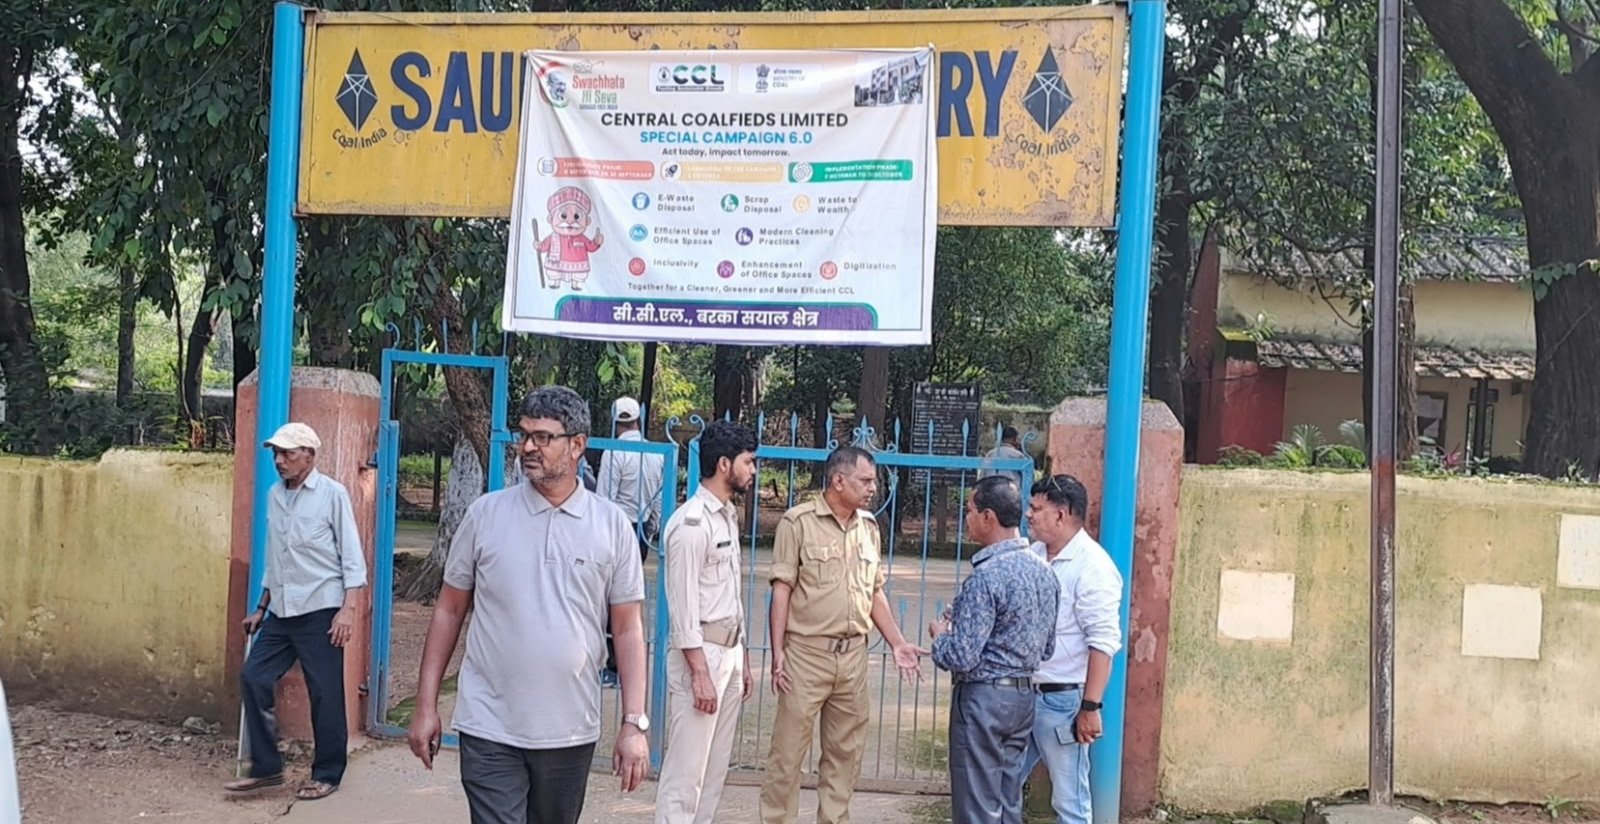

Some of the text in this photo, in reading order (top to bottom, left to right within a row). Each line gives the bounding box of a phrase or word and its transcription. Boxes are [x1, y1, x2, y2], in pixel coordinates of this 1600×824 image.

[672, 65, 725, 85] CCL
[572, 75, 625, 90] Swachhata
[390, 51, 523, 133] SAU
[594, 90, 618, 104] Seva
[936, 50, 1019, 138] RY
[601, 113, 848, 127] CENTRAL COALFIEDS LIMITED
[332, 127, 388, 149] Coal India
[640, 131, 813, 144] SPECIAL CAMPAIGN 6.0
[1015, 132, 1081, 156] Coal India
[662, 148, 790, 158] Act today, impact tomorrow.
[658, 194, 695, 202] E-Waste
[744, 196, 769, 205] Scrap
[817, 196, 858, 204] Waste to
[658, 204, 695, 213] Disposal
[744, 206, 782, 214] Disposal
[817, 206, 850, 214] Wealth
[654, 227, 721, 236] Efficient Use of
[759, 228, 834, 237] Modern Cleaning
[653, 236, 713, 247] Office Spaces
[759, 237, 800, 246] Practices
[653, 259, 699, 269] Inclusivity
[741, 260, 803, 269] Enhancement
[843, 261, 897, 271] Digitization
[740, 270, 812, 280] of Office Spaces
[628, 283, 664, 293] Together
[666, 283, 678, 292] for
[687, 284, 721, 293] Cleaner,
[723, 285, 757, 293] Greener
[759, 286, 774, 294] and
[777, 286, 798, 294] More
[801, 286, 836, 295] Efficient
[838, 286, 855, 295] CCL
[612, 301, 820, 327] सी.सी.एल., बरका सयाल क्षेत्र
+++
The problem — If the material above contains pictures, exclude them from an otherwise exact transcription.

Expected output —
Some of the text in this photo, in reading order (top to bottom, left to right within a row). Each line gives the bounding box of a phrase or word and its transcription. Boxes are [x1, y1, x2, y2], in pixel coordinates of this 1600×824 image.

[672, 65, 725, 85] CCL
[572, 75, 625, 90] Swachhata
[390, 51, 523, 133] SAU
[594, 90, 618, 104] Seva
[936, 50, 1019, 138] RY
[601, 113, 848, 127] CENTRAL COALFIEDS LIMITED
[332, 127, 388, 149] Coal India
[640, 131, 813, 144] SPECIAL CAMPAIGN 6.0
[1015, 132, 1081, 156] Coal India
[662, 148, 790, 158] Act today, impact tomorrow.
[658, 194, 695, 202] E-Waste
[744, 196, 769, 205] Scrap
[817, 196, 858, 204] Waste to
[658, 204, 695, 213] Disposal
[744, 206, 782, 214] Disposal
[817, 206, 850, 214] Wealth
[654, 227, 721, 236] Efficient Use of
[759, 228, 834, 237] Modern Cleaning
[653, 236, 713, 247] Office Spaces
[759, 237, 800, 246] Practices
[653, 259, 699, 269] Inclusivity
[741, 260, 803, 269] Enhancement
[843, 261, 897, 271] Digitization
[740, 270, 812, 280] of Office Spaces
[628, 283, 664, 293] Together
[666, 283, 678, 292] for
[687, 284, 721, 293] Cleaner,
[723, 285, 757, 293] Greener
[759, 286, 774, 294] and
[777, 286, 798, 294] More
[801, 286, 836, 295] Efficient
[838, 286, 855, 295] CCL
[612, 301, 820, 327] सी.सी.एल., बरका सयाल क्षेत्र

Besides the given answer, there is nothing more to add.